Operation “First Light”
The war on cybercrime goes on. As its next round unwinds in 2022, Interpol arrests hundreds of Internet-fraud-related suspects within two months.
The operation in question got dubbed First Light and concentrated on raiding illegal call centers in different countries, with the seized funds amounting to $50 million in assets. These offices were bases and control centers for a series of socially engineered fraudulent activities on the Internet via email and phone, including date scams.
Police of Singapore have raided money launderers and scammers performing flagrant staged kidnappings. The most bizarre case was an interrupted fraud involving a minor victim already lured into playing kidnapped and fake being beaten. The €1.5 million ransom was ready to be paid, but luckily law enforcement agents were there on time. They managed not only to prevent this transaction but also to arrest about 4,000 bank accounts used to service fraudulent operations.
Another suspect was a Chinese citizen captured in Papua New Guinea. He is believed to be a leader of a gang that fished up to €34 million out of 24 thousand victims of their Ponzi scheme.

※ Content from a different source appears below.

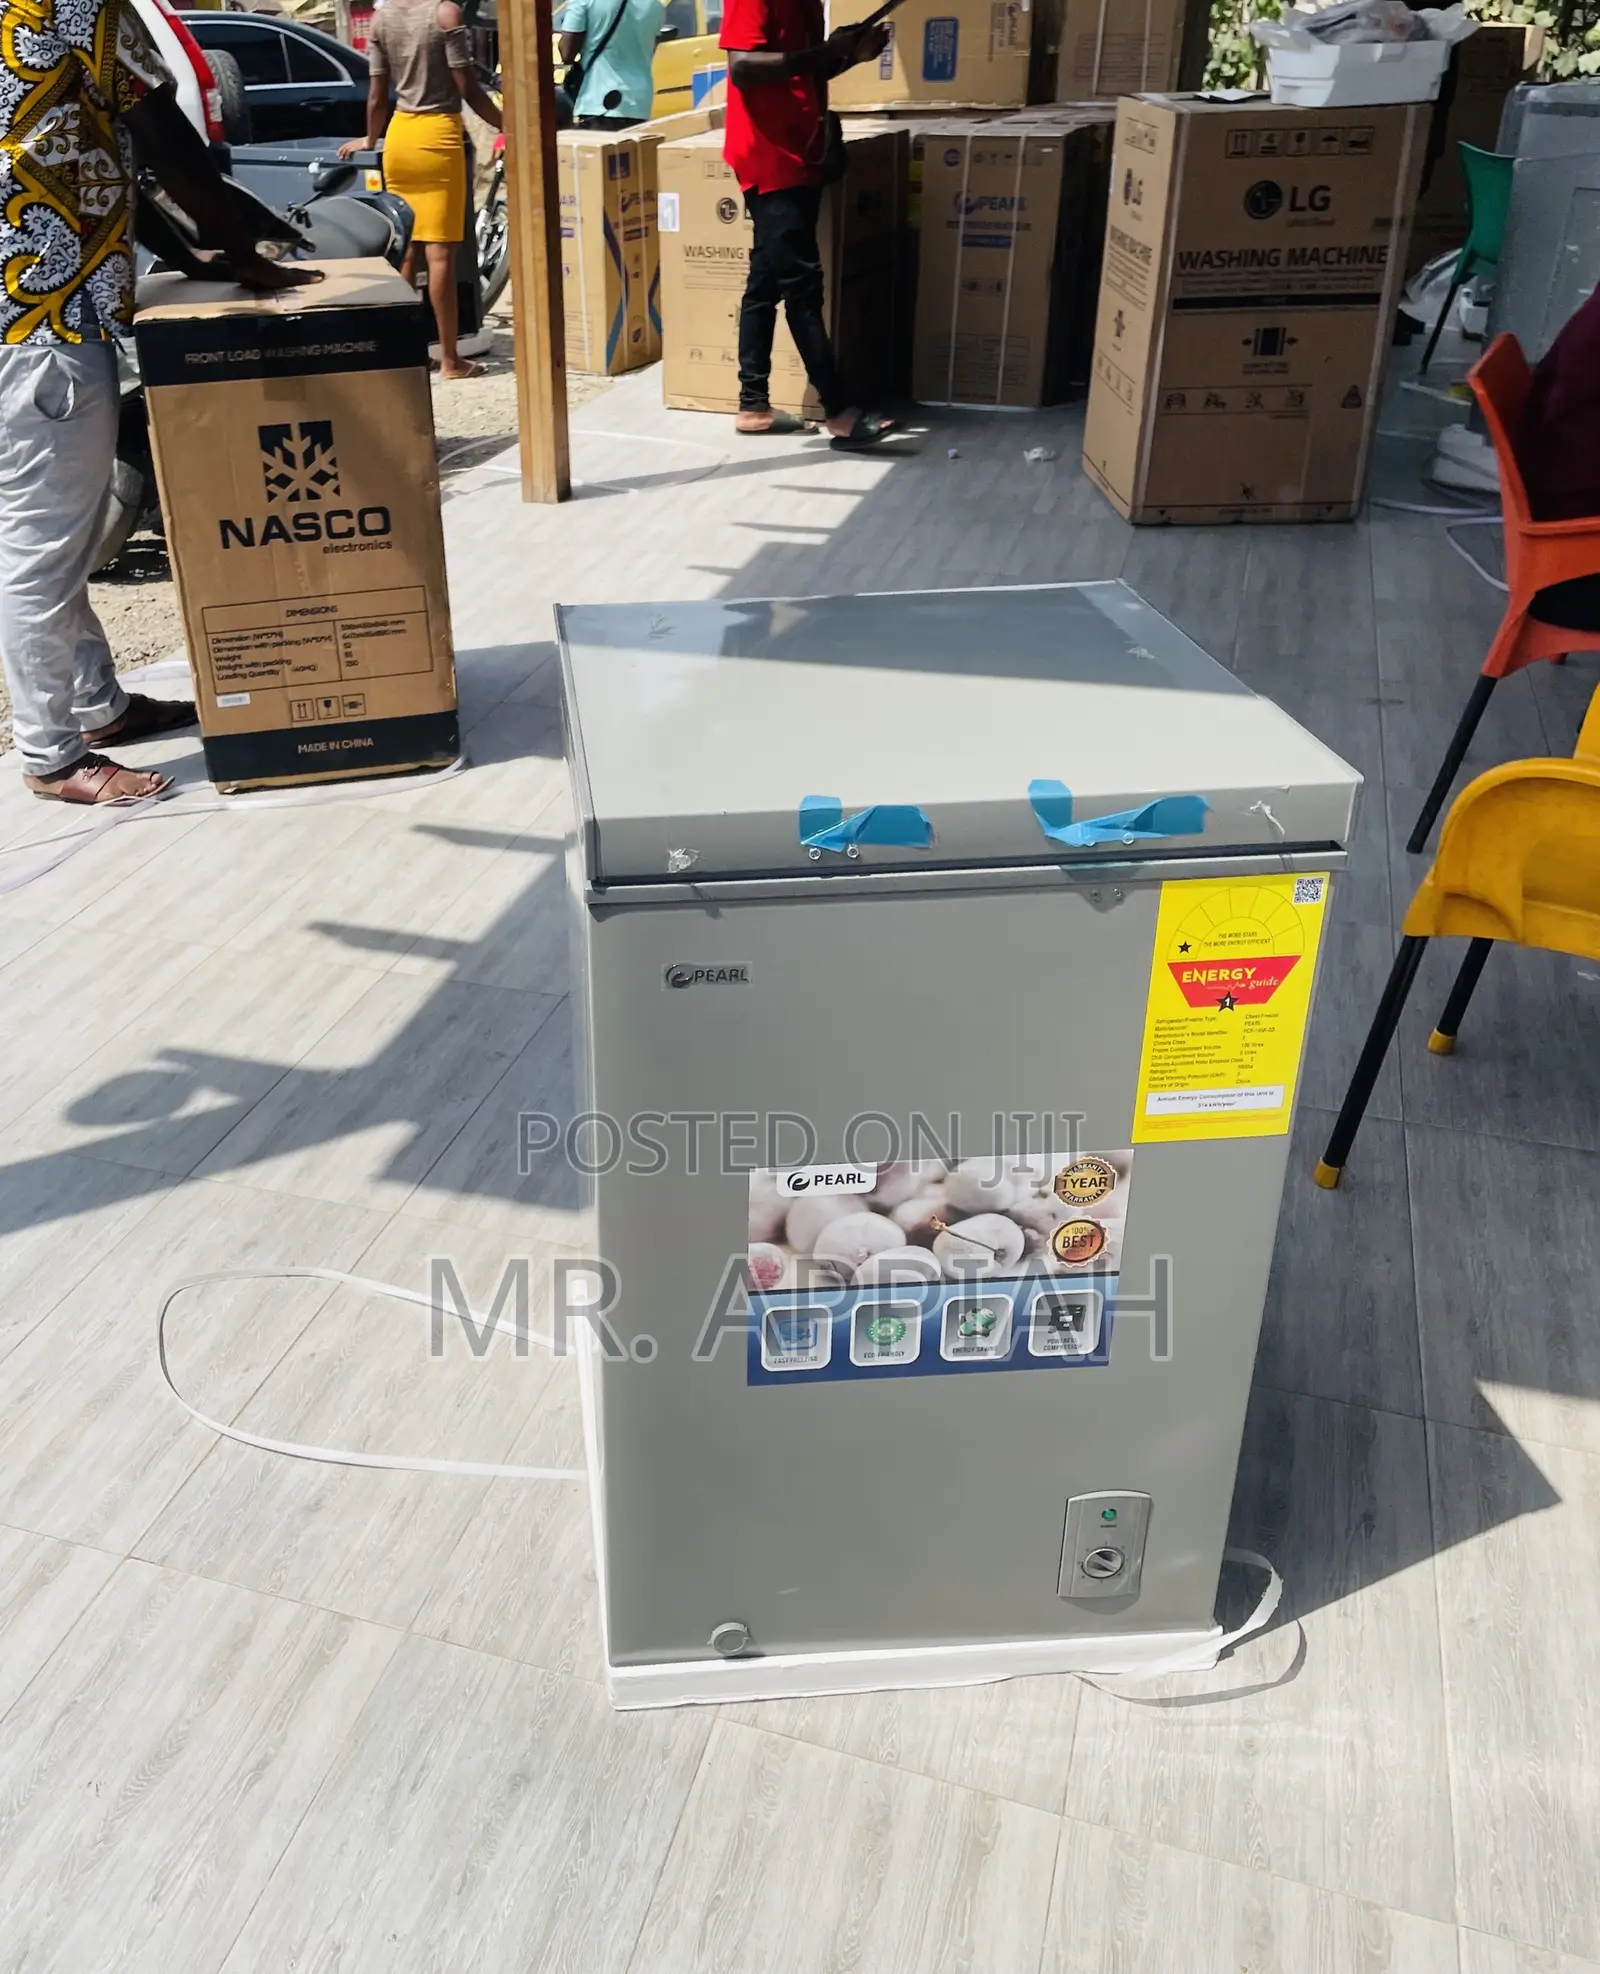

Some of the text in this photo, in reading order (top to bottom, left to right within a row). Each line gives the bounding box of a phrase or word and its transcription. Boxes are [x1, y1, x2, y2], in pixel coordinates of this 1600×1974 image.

The suspect is repatriated for trial.
The scams like these are conducted in vast numbers and are highly difficult to track because their authors and victims reside in different countries and the schemes of the crooks are ever-changing. The First Light operation lasted two months and involved police activities in 76 countries.
Rory Corcoran, the head of Interpol’s financial crime division, has noted that the nature of such crimes requires cooperation among many nations’ law enforcement agencies. The First Light operation has proved the effectiveness of such an approach as authorities from all the countries that took part in the procedure shared information on questionable financial transactions, phone numbers, scam websites, IP addresses, etc. The juxtaposition of the gathered materials eventually allowed to carry out a coordinated across-the-world operation.